_YOUR OBJECTIVE_
Would you write out the entries below, every one of them, exactly?

>>

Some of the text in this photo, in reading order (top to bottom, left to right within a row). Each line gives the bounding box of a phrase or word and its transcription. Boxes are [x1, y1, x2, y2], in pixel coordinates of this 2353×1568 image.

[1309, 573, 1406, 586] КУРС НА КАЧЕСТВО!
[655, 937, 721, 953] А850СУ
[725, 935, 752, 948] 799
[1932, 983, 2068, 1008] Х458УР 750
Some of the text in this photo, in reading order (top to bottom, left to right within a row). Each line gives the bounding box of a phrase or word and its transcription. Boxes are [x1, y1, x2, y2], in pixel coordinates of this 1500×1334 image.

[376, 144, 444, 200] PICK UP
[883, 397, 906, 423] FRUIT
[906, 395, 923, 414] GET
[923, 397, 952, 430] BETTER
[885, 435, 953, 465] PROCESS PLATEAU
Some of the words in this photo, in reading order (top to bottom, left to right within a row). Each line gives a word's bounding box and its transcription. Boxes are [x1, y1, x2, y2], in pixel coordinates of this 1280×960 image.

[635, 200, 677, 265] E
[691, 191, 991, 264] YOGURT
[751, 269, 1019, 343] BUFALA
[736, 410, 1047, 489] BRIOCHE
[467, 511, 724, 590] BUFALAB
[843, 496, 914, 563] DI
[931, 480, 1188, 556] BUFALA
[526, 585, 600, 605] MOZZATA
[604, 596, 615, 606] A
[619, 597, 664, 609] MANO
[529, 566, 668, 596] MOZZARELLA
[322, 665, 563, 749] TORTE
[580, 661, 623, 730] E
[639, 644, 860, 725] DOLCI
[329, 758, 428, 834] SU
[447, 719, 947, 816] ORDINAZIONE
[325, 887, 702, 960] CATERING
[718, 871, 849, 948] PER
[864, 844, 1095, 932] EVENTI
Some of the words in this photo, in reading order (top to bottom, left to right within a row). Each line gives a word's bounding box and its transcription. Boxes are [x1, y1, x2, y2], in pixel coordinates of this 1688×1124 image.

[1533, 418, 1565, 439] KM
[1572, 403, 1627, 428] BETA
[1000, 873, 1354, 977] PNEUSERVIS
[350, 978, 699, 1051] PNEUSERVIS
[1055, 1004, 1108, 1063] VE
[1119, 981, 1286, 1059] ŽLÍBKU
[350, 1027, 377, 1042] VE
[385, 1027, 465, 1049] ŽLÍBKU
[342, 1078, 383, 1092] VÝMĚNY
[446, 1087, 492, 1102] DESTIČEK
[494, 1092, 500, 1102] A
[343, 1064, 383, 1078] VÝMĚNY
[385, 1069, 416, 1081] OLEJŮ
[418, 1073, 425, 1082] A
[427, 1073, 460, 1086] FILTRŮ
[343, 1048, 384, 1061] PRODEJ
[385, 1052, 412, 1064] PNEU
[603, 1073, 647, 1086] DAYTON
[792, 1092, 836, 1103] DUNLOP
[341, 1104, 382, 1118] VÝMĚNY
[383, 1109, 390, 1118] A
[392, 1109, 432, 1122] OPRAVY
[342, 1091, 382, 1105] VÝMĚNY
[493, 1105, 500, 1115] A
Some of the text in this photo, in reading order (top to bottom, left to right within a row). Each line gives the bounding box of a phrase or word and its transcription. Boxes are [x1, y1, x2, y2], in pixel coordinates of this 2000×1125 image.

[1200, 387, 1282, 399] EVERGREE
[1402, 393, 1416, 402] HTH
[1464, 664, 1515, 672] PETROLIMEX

<<

_ANSWER SECTION_
Some of the text in this photo, in reading order (top to bottom, left to right within a row). Each line gives the bounding box of a phrase or word and its transcription. Boxes are [x1, y1, x2, y2], in pixel coordinates of this 2353×1568 image.

[1309, 573, 1406, 586] КУРС НА КАЧЕСТВО!
[655, 937, 721, 953] А850СУ
[725, 935, 752, 948] 799
[1932, 983, 2068, 1008] Х458УР 750
Some of the text in this photo, in reading order (top to bottom, left to right within a row). Each line gives the bounding box of a phrase or word and its transcription. Boxes are [x1, y1, x2, y2], in pixel coordinates of this 1500×1334 image.

[376, 144, 444, 200] PICK UP
[883, 397, 906, 423] FRUIT
[906, 395, 923, 414] GET
[923, 397, 952, 430] BETTER
[885, 435, 953, 465] PROCESS PLATEAU
Some of the words in this photo, in reading order (top to bottom, left to right within a row). Each line gives a word's bounding box and its transcription. Boxes are [x1, y1, x2, y2], in pixel coordinates of this 1280×960 image.

[635, 200, 677, 265] E
[691, 191, 991, 264] YOGURT
[751, 269, 1019, 343] BUFALA
[736, 410, 1047, 489] BRIOCHE
[467, 511, 724, 590] BUFALAB
[843, 496, 914, 563] DI
[931, 480, 1188, 556] BUFALA
[526, 585, 600, 605] MOZZATA
[604, 596, 615, 606] A
[619, 597, 664, 609] MANO
[529, 566, 668, 596] MOZZARELLA
[322, 665, 563, 749] TORTE
[580, 661, 623, 730] E
[639, 644, 860, 725] DOLCI
[329, 758, 428, 834] SU
[447, 719, 947, 816] ORDINAZIONE
[325, 887, 702, 960] CATERING
[718, 871, 849, 948] PER
[864, 844, 1095, 932] EVENTI
Some of the words in this photo, in reading order (top to bottom, left to right within a row). Each line gives a word's bounding box and its transcription. Boxes are [x1, y1, x2, y2], in pixel coordinates of this 1688×1124 image.

[1533, 418, 1565, 439] KM
[1572, 403, 1627, 428] BETA
[1000, 873, 1354, 977] PNEUSERVIS
[350, 978, 699, 1051] PNEUSERVIS
[1055, 1004, 1108, 1063] VE
[1119, 981, 1286, 1059] ŽLÍBKU
[350, 1027, 377, 1042] VE
[385, 1027, 465, 1049] ŽLÍBKU
[342, 1078, 383, 1092] VÝMĚNY
[446, 1087, 492, 1102] DESTIČEK
[494, 1092, 500, 1102] A
[343, 1064, 383, 1078] VÝMĚNY
[385, 1069, 416, 1081] OLEJŮ
[418, 1073, 425, 1082] A
[427, 1073, 460, 1086] FILTRŮ
[343, 1048, 384, 1061] PRODEJ
[385, 1052, 412, 1064] PNEU
[603, 1073, 647, 1086] DAYTON
[792, 1092, 836, 1103] DUNLOP
[341, 1104, 382, 1118] VÝMĚNY
[383, 1109, 390, 1118] A
[392, 1109, 432, 1122] OPRAVY
[342, 1091, 382, 1105] VÝMĚNY
[493, 1105, 500, 1115] A
Some of the text in this photo, in reading order (top to bottom, left to right within a row). Each line gives the bounding box of a phrase or word and its transcription. Boxes are [x1, y1, x2, y2], in pixel coordinates of this 2000×1125 image.

[1200, 387, 1282, 399] EVERGREE
[1402, 393, 1416, 402] HTH
[1464, 664, 1515, 672] PETROLIMEX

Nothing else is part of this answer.